コントロールパネルによる ディクショナリの作成・編集

ディクショナリは、データをキーバリューのペアとして保存するできるコンテナーの一種であり、単一のバージョンに添付することなく、サービス内で使用することができます。Edge Dictionary は、ディクショナリコンテナとディクショナリアイテムで構成されています。ディクショナリ項目を使用して、キーと値のペアを作成し保存します。そのディクショナリ項目は、ディクショナリコンテナに追加されます。ディクショナリコンテナはサービスバージョンにアタッチされますが、サービスのバージョンを増分することなく、作成後いつでも更新することができます。

コントロールパネル、カスタム VCL スニペットFast API を使用して、ディクショナリを操作することができます。また、プライベートディクショナリを作成することもできます。

設定前の注意点

ディクショナリを操作する前に、Dictionaries についてガイドをご参照ください。また、ディクショナリの仕組み、一般的なユースケース、ディクショナリの使用の制約についてご理解ください。

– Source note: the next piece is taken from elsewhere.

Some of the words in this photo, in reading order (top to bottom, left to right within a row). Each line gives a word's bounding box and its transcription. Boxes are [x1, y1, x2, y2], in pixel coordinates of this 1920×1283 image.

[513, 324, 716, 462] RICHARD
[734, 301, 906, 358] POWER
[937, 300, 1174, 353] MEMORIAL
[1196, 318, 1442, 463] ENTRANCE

Dictionaries ページ経由でディクショナリを操作する

ディクショナリページを使用して、ディクショナリを作成および操作することができます。

Dictionaries ページを使用して作成されたディクショナリを表示する

ディクショナリページ経由でディクショナリを表示するには、ご利用のサービスのディクショナリ管理エリアに移動します。

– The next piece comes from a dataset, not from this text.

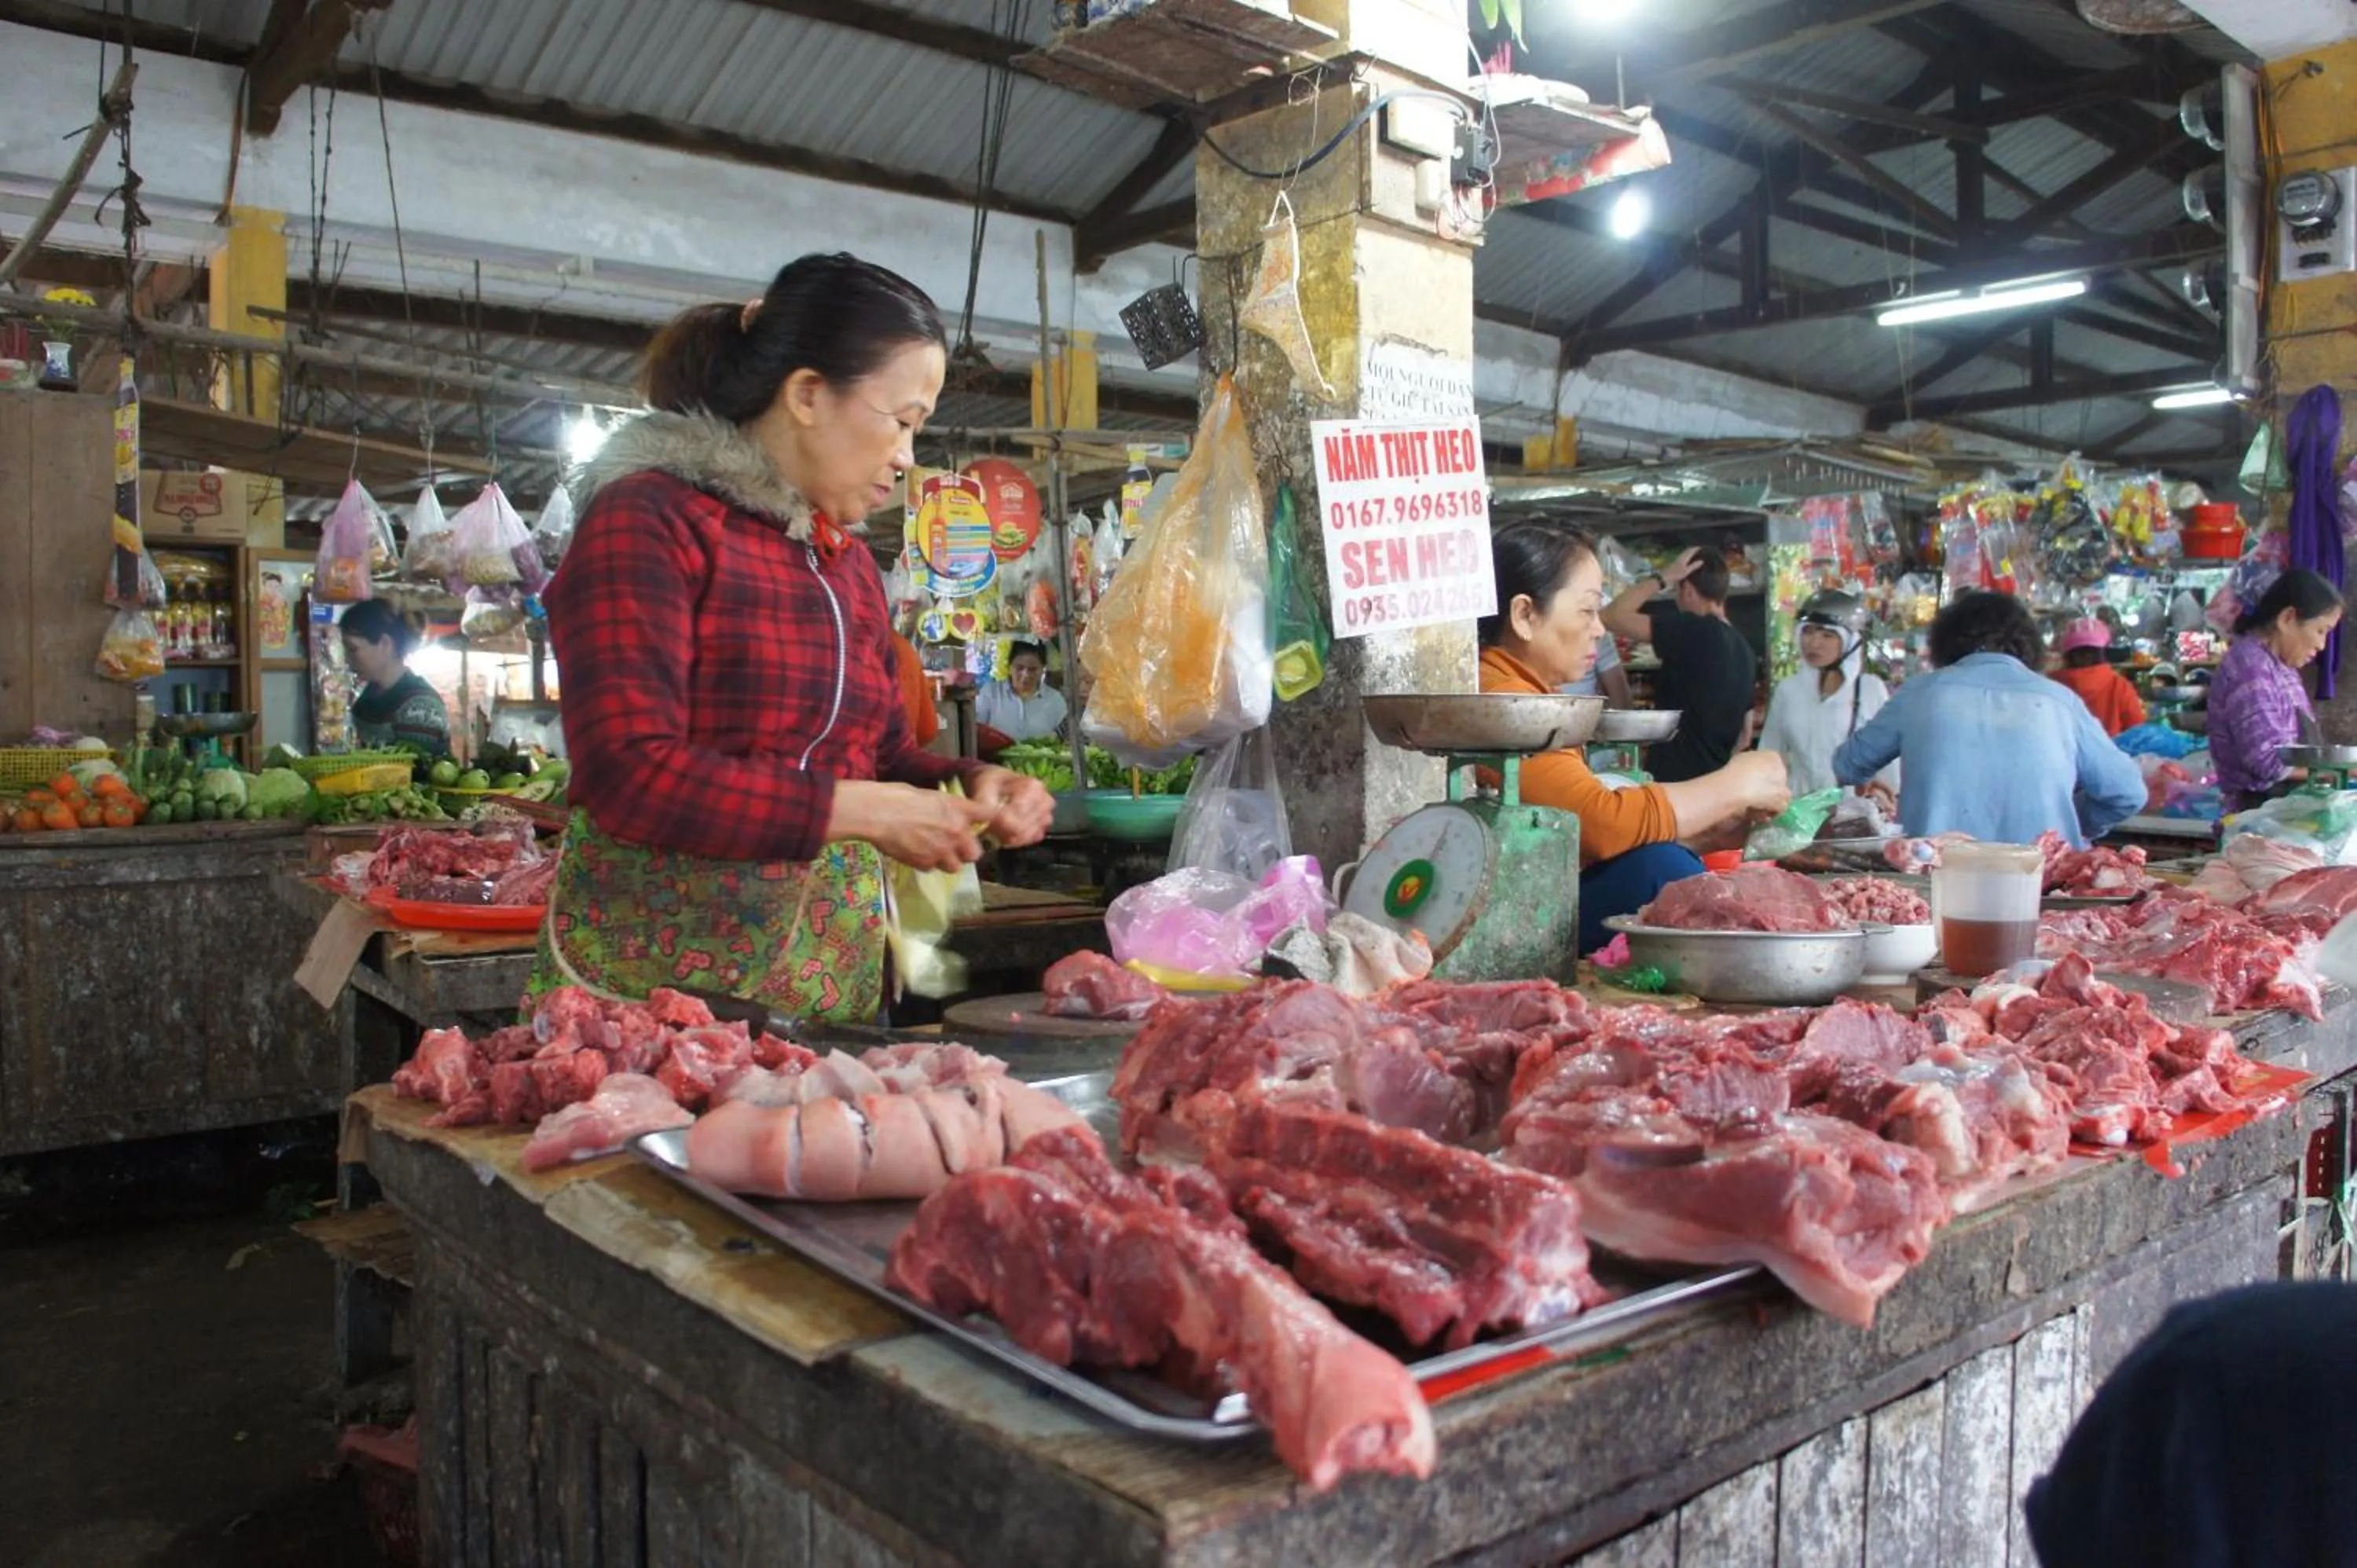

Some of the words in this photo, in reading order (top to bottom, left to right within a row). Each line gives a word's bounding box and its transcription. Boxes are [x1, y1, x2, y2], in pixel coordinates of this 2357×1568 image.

  1. Fastly コントロールパネルにログインします。
  2. Home ページから、適切なサービスを選択します。検索ボックスで ID、名称、ドメインでの検索が行えます。
  3. Edit configuration ボタンをクリックし、アクティブなバージョンをクローンするオプションを選択します。ドメインページが表示されます。
  4. Data の下にある Dictionaries リンクをクリックします。現在選択されているサービスバージョンに関連する既存のディクショナリがある場合は、そのディクショナリが表示されます。

Dictionaries ページ経由でディクショナリを作成する

ディクショナリページ経由でディクショナリを作成するには、ディクショナリコンテナを作成し、その中に存在するアイテムを作成する必要があります。

ディクショナリコンテナの作成

まず、以下の手順に従ってディクショナリコンテナを作成します。

  1. Fastly コントロールパネルにログインします。
  2. Home ページから、適切なサービスを選択します。検索ボックスで ID、名称、ドメインでの検索が行えます。
  3. Edit configuration ボタンをクリックし、アクティブなバージョンをクローンするオプションを選択します。ドメインページが表示されます。
  4. Data の下にある Dictionaries リンクをクリックします。Dictionaries ページが表示されます。
  5. Create a dictionary をクリックします。ディクショナリコンテナ名のフィールドが表示されます。
  6. Name of dictionary フィールドに、ディクショナリの分かりやすい名前を入力します (例:Example Dictionary)。
  7. Add ボタンをクリックします。作成した空のディクショナリコンテナが表示されます。
  8. Activate ボタンをクリックすると、編集中のサービスバージョンに設定変更が反映されます。

ディクショナリ項目の作成

ディクショナリコンテナを作成した後、それに項目を追加します。

  1. Add item をクリックします。ディクショナリ項目のフィールドが表示されます。
  2. Key フィールドには、データの一部の項目を表す一意の識別子を入力します (例:example.com)。
  3. Value フィールドには、一意の識別子に関連する値を入力します (例:yes)。
  4. Add ボタンをクリックします。キーと値のペアがディクショナリコンテナに表示されます。追加された項目は直ちに有効となります。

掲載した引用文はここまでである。